§ Dataset records
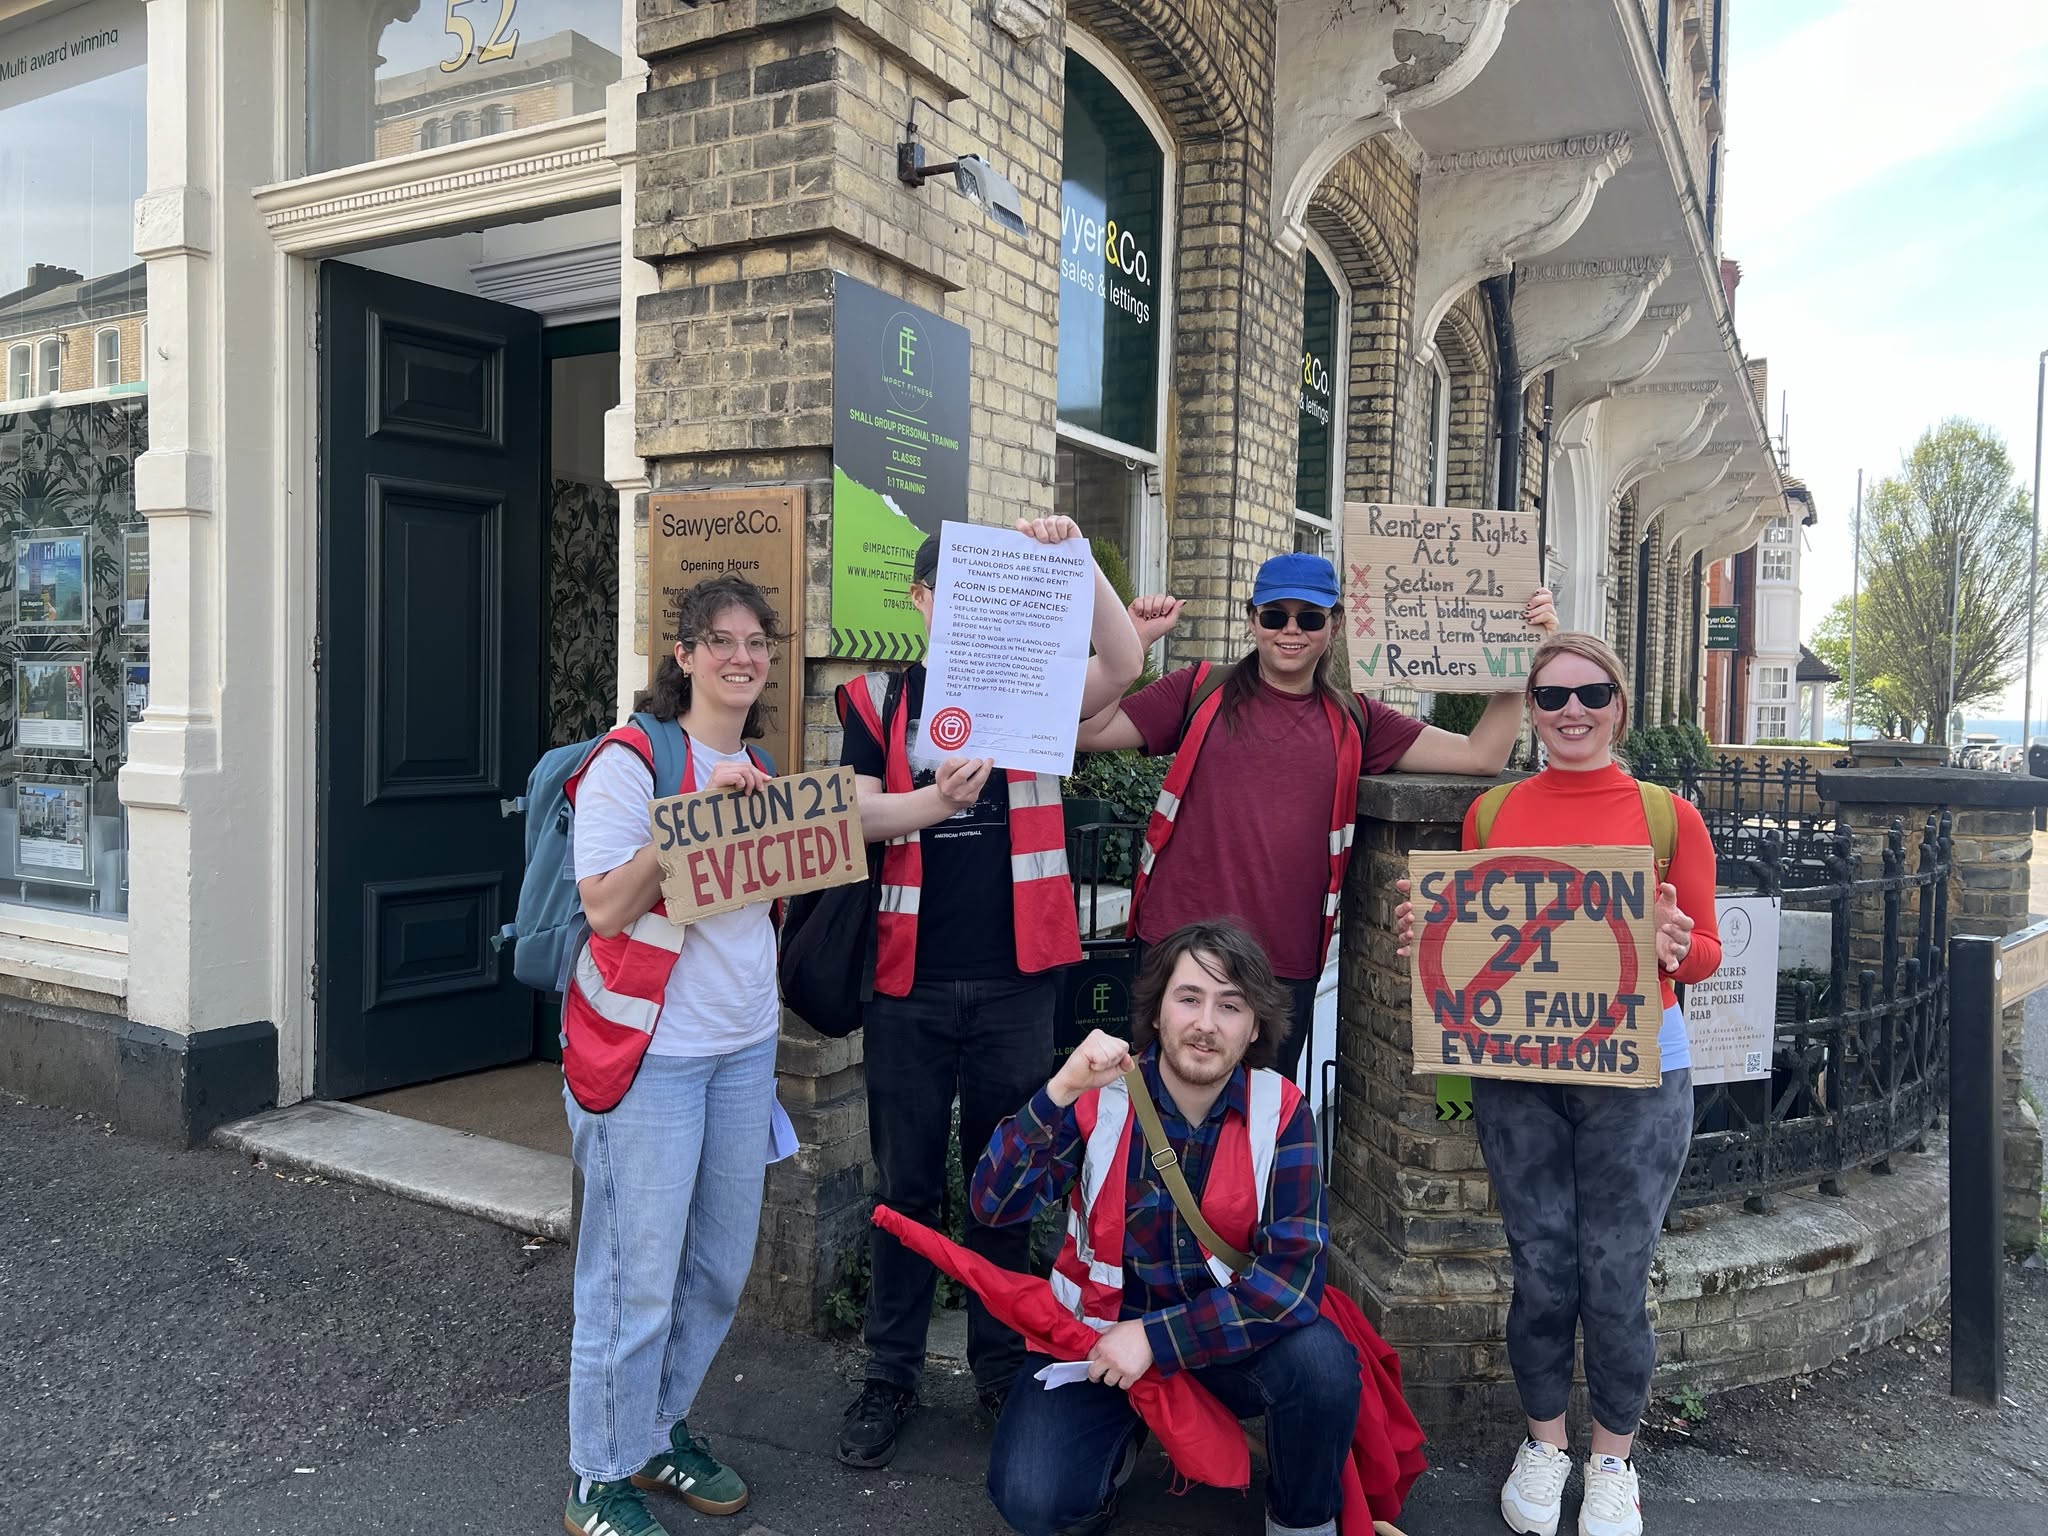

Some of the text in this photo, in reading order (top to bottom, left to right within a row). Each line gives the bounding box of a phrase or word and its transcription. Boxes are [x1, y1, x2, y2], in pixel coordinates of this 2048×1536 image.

[440, 0, 519, 73] 52
[0, 28, 119, 81] Multi award winning
[1061, 258, 1150, 324] sales & lettings
[881, 374, 905, 389] IMPACT
[907, 383, 933, 398] FITNESS
[849, 408, 960, 451] SMALL GROUP PERSONAL TRAINING
[892, 449, 921, 467] CLASSES
[887, 476, 926, 495] 1:1 TRAINING
[662, 510, 781, 542] Sawyer&Co.
[1368, 505, 1527, 557] Renter's Rights
[863, 542, 916, 560] @IMPACTFITNE
[951, 544, 989, 556] SECTION
[1001, 551, 1021, 560] HAS
[1023, 553, 1046, 562] BEEN
[1048, 555, 1085, 566] BANNED!
[1412, 539, 1459, 566] Act
[680, 558, 760, 573] Opening Hours
[847, 566, 913, 584] WWW.IMPACTFITNE
[968, 560, 1014, 570] LANDLORDS
[1032, 566, 1050, 574] STILL
[1051, 568, 1084, 578] EVICTING
[967, 569, 1001, 579] TENANTS
[1021, 575, 1045, 583] HIKING
[1046, 578, 1069, 587] RENT!
[1384, 565, 1504, 597] Section 21s
[953, 581, 1073, 601] ACORN IS DEMANDING THE
[884, 598, 916, 611] 07841373
[952, 592, 1069, 613] FOLLOWING OF AGENCIES:
[1384, 592, 1525, 631] Rent bidding wars
[953, 622, 977, 630] BEFORE
[970, 615, 1003, 624] CARRYING
[1028, 621, 1051, 629] ISSUED
[1025, 612, 1064, 622] LANDLORDS
[1709, 616, 1736, 625] yer&Co.
[952, 631, 976, 639] REFUSE
[1022, 639, 1060, 648] LANDLORDS
[1384, 620, 1541, 644] Fixed term tenancies
[972, 642, 1007, 650] LOOPHOLES
[974, 652, 1002, 660] REGISTER
[1010, 656, 1048, 665] LANDLORDS
[1011, 664, 1043, 672] GROUNDS
[1386, 644, 1477, 678] Renters
[995, 670, 1019, 678] MOVING
[1031, 733, 1058, 742] (AGENCY)
[1028, 748, 1064, 758] (SIGNATURE)
[654, 782, 794, 851] SECTION
[687, 819, 852, 907] EVICTED!
[1420, 870, 1645, 923] SECTION
[1490, 924, 1559, 973] 21
[1691, 980, 1743, 993] PEDICURES
[1434, 989, 1646, 1030] NO FAULT
[1690, 994, 1745, 1007] GEL POLISH
[1690, 1010, 1712, 1021] BIAB
[1441, 1030, 1640, 1074] EVICTIONS

§ Task brief
Could you copy out every line in the material above that contains the string "TRAINING"?

§ Result of this task
[849, 408, 960, 451] SMALL GROUP PERSONAL TRAINING
[887, 476, 926, 495] 1:1 TRAINING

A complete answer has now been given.